== Work request ==
Find the line with "this 1536×1152 image." in the listing below. Write it out exactly, along with every later line up to the final one.

== Records shown ==

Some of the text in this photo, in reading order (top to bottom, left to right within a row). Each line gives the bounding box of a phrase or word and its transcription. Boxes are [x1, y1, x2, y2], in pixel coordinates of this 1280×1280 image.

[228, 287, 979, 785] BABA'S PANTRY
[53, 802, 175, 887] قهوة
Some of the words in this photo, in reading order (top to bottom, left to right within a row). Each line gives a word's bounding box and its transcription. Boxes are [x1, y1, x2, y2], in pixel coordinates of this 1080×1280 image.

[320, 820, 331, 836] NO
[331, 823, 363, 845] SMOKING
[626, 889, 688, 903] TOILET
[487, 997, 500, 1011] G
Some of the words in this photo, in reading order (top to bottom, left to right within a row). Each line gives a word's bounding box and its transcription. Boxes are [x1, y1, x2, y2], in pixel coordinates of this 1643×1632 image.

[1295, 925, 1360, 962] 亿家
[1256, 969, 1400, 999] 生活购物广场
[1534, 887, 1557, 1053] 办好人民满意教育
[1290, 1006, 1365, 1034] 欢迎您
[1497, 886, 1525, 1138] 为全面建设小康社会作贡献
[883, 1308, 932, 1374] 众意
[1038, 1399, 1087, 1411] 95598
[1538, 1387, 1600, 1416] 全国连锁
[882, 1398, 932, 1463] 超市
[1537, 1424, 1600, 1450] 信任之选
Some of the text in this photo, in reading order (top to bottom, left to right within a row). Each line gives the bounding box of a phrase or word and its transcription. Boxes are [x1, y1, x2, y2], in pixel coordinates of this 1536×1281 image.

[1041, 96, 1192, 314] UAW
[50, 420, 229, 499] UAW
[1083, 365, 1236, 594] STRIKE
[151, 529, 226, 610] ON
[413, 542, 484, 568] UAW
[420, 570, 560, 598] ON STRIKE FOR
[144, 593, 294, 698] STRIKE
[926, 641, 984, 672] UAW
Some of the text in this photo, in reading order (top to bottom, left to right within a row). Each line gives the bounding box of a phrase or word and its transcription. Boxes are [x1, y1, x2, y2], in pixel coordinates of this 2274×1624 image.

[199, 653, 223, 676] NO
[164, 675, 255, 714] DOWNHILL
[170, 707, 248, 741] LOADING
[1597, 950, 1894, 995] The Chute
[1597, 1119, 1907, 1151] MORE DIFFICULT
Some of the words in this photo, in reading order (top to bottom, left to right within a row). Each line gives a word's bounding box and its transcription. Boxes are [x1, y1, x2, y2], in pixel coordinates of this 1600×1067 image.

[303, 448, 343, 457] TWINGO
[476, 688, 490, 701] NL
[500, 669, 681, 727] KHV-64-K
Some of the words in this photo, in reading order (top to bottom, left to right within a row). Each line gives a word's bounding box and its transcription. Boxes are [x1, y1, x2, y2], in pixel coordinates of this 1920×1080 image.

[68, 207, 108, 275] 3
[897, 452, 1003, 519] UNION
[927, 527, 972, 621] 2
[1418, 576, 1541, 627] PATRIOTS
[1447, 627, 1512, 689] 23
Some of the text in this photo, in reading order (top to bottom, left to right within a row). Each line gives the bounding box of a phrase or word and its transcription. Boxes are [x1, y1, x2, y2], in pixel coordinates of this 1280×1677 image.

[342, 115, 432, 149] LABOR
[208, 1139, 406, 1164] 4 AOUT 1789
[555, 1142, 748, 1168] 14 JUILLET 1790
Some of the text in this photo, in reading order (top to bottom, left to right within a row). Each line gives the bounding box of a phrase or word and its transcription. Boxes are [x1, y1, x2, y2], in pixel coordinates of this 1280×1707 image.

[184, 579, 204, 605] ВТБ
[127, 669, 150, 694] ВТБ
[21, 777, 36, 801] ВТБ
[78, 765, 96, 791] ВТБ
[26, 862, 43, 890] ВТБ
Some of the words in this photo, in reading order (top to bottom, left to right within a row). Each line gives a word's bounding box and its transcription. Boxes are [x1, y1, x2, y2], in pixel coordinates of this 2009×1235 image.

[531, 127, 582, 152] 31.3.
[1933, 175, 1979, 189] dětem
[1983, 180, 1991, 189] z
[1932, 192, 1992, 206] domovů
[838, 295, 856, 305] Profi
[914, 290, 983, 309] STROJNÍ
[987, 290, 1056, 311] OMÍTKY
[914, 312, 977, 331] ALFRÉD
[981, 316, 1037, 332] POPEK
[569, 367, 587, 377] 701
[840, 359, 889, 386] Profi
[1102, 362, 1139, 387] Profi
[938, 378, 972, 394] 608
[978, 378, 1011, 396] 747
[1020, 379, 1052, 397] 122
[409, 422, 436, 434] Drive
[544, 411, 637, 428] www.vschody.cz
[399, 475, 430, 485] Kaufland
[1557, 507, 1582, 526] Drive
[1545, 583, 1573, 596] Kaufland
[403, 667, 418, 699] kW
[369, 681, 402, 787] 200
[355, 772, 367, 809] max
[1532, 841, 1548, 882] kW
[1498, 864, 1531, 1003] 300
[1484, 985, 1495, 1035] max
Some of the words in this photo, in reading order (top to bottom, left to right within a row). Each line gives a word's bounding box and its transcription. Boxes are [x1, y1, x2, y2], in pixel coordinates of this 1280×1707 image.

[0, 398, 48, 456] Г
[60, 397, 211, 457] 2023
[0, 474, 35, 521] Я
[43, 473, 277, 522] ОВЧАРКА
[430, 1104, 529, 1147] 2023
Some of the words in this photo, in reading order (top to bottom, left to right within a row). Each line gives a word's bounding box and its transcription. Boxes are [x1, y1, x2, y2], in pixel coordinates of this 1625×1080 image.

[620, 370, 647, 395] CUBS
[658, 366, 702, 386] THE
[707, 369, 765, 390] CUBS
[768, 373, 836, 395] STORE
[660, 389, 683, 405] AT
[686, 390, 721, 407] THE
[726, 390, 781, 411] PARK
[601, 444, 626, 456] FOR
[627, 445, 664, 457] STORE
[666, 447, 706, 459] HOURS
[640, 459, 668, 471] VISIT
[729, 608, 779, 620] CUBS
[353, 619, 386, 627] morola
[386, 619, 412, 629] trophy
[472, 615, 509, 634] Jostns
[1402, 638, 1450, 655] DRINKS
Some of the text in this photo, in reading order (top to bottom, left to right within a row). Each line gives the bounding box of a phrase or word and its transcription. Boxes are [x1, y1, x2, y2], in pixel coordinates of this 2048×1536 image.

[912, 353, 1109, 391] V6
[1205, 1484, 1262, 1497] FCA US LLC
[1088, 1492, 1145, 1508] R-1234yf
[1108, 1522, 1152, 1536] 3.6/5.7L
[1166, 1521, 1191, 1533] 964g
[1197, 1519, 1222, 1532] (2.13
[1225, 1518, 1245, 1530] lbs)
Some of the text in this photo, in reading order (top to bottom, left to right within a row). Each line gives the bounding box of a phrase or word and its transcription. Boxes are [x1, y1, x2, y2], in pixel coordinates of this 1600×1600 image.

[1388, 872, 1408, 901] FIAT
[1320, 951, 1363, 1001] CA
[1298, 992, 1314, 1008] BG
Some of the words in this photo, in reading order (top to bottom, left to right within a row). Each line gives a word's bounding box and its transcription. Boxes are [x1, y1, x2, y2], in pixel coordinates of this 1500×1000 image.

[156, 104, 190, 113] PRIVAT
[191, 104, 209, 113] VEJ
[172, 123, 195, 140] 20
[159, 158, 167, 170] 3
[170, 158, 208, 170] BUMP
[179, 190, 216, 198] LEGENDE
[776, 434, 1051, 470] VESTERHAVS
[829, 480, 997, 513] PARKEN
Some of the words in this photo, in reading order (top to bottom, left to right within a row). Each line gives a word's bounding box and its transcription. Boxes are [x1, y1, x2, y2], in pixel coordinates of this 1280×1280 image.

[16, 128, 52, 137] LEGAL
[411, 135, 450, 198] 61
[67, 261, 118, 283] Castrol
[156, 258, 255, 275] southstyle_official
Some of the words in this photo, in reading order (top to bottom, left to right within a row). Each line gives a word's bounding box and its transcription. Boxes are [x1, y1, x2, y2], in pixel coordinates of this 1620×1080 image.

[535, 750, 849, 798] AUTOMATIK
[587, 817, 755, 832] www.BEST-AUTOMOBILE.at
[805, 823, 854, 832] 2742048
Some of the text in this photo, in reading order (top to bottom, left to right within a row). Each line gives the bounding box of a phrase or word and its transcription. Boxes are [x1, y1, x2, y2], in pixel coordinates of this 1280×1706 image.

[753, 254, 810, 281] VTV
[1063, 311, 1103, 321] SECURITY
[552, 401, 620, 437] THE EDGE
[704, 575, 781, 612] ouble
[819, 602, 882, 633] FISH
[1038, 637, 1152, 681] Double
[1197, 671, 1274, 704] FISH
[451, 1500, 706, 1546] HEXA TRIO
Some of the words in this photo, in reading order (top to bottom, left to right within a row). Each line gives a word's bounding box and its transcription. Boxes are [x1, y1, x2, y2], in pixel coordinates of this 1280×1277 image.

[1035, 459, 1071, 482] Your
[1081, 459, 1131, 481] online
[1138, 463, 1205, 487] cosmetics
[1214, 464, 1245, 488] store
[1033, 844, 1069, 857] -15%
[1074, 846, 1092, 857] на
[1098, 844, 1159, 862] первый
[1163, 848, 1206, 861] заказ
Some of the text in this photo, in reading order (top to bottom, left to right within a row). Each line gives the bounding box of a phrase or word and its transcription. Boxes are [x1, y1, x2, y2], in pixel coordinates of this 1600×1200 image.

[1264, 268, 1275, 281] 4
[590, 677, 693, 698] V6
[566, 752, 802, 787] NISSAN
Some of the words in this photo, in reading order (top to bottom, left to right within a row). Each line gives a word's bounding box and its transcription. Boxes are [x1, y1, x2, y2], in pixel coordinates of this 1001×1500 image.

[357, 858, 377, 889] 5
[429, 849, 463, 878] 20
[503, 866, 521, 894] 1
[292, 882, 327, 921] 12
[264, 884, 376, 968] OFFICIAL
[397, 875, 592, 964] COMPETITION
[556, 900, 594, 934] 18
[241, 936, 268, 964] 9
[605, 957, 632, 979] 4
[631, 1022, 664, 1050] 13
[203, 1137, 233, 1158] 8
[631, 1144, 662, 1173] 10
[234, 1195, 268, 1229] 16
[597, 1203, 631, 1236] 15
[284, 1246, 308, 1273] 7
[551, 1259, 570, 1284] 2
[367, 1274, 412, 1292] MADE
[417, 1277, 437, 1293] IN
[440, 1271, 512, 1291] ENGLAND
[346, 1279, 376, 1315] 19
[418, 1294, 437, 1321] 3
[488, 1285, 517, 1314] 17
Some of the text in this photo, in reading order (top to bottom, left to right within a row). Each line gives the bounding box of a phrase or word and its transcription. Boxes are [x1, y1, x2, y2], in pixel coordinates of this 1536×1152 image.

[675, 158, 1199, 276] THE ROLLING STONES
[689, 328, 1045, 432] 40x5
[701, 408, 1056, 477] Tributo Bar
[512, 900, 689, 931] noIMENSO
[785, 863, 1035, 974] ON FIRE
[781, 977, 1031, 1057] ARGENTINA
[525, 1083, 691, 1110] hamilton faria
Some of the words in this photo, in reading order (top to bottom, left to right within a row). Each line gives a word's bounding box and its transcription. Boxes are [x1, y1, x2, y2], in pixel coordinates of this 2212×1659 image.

== Solution to this exercise ==
Some of the text in this photo, in reading order (top to bottom, left to right within a row). Each line gives the bounding box of a phrase or word and its transcription. Boxes are [x1, y1, x2, y2], in pixel coordinates of this 1536×1152 image.

[675, 158, 1199, 276] THE ROLLING STONES
[689, 328, 1045, 432] 40x5
[701, 408, 1056, 477] Tributo Bar
[512, 900, 689, 931] noIMENSO
[785, 863, 1035, 974] ON FIRE
[781, 977, 1031, 1057] ARGENTINA
[525, 1083, 691, 1110] hamilton faria
Some of the words in this photo, in reading order (top to bottom, left to right within a row). Each line gives a word's bounding box and its transcription. Boxes are [x1, y1, x2, y2], in pixel coordinates of this 2212×1659 image.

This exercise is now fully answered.